Benjamin Franklin and His Enemies
by Robert Middlekauff
University of California Press, 275 pp., $24.95
The Devious Dr. Franklin, Colonial Agent: Benjamin Franklin’s Years in London
by David T. Morgan
Mercer University Press, 280 pp., $34.95
Of all the Founding Fathers Benjamin Franklin is the most puzzling, the most difficult to understand and explain. He is a bundle of contradictions. At one and the same time he seems to be the most American and the least American of the Revolutionary leaders. He is the classic American success story, the prototypal self-made man, rising from obscure origins to great preeminence. He began as a printer’s apprentice, the son of an insignificant tallow chandler and soapmaker, and became so rich and successful as a publisher of newspapers and books that he could retire at the age of forty-two. Despite his dramatic rise, however, he seems to later generations never to have shed his lowly origins. Of all the Founding Fathers he seems the most folksy, the most popular, the one with the greatest common touch. Ordinary Americans today seem to be able to identify with him in a way they cannot with Washington or Jefferson. He remains the most rustic, bourgeois, and democratic of the Founders.

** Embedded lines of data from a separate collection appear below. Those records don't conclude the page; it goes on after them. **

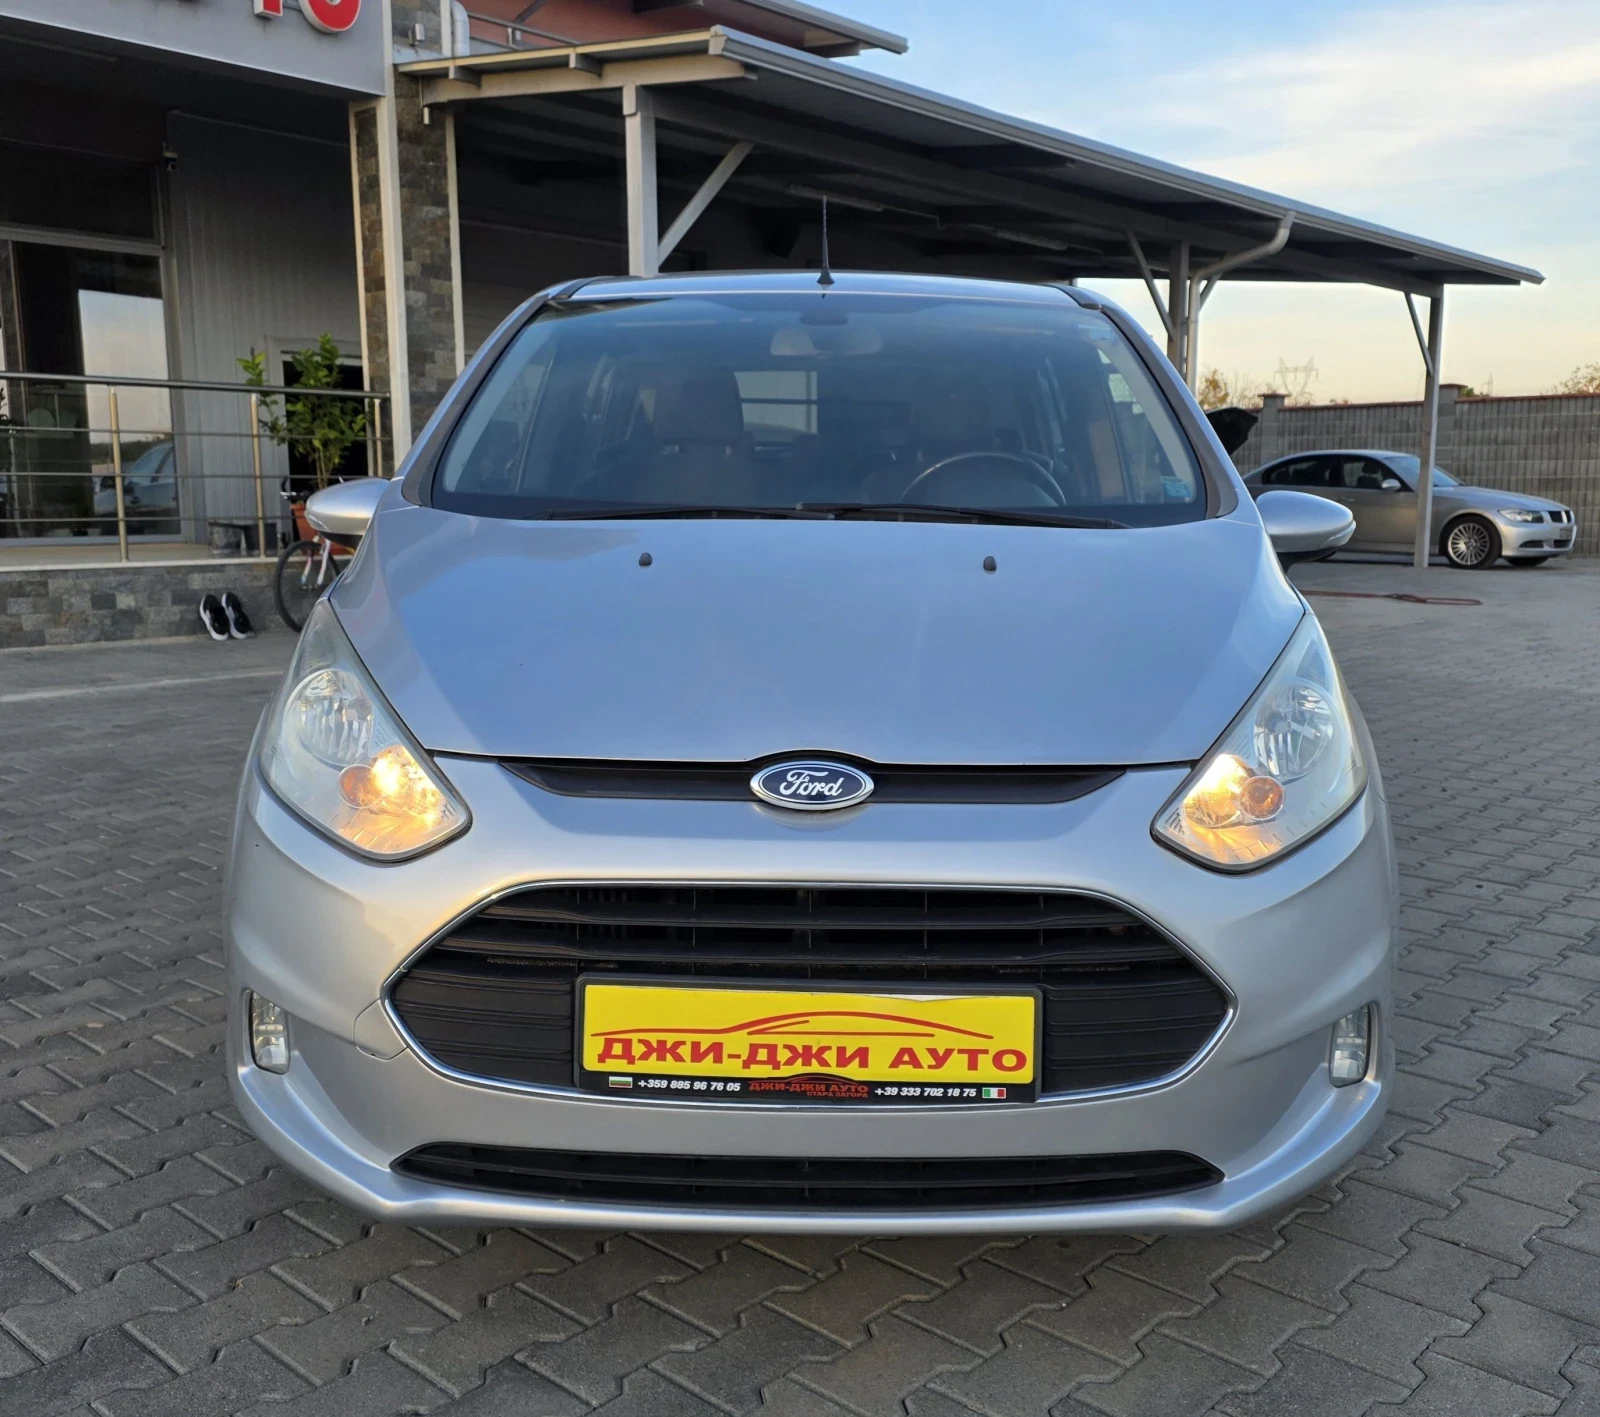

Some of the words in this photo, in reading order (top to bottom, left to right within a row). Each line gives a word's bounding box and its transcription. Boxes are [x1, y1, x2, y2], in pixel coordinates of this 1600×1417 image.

[779, 769, 845, 796] Ford
[597, 1037, 870, 1071] ДЖИ-ДЖИ
[888, 1046, 1028, 1073] АУТО
[638, 1079, 669, 1089] +359
[670, 1080, 692, 1090] 885
[693, 1081, 708, 1091] 96
[710, 1082, 725, 1091] 76
[726, 1082, 742, 1092] 05
[749, 1082, 826, 1092] ДЖИ-ДЖИ
[829, 1084, 869, 1093] АУТО
[874, 1086, 899, 1096] +39
[900, 1087, 922, 1096] 333
[923, 1088, 945, 1097] 702
[947, 1088, 961, 1097] 18
[962, 1088, 977, 1097] 75

Yet this homespun, hardworking, prototypal American was at the same time the most European, the most cosmopolitan, the most sophisticated, indeed, the most aristocratic of the Founding Fathers. (In the Constitutional Convention, for example, he proposed that all members of the executive branch in the new federal government serve without pay.) He became an internationally renowned scientist who moved in the highest circles of the British and European nobility. He conversed with kings and even dined with one. He loved England and Europe and spent most of the last thirty-three years of his life living abroad, far away from America. At several points it was doubtful whether he would ever return to America, or wanted to, or even cared much about America.
Franklin was the least likely of revolutionaries. Certainly compared to the other leaders his participation in the Revolution is the hardest to explain. First of all, he was an old man—seventy years of age in 1776, not the age when we think of men becoming revolutionaries. He was twenty-six years older than Washington, twenty-nine years older than John Adams, thirty-seven years older than Jefferson, and nearly a half-century older than Madison and Hamilton. More important, unlike the other Revolutionary leaders, who were young men virtually unknown outside of their little provinces, Franklin already had an established worldwide reputation. He was known all over Britain and Europe for his scientific work on electricity. He had received honorary degrees from St. Andrews and Oxford and was a member of the leading learned societies of Europe. By the time of the Revolution he was already an international celebrity, and of course he had no way of knowing what a great folk hero he would become. None of the Founding Fathers had so much to lose and so little to gain. We can generally comprehend the personal motives of the other Revolutionary leaders, but Franklin is different. He alone already had the position and the prospect of fame that the others could …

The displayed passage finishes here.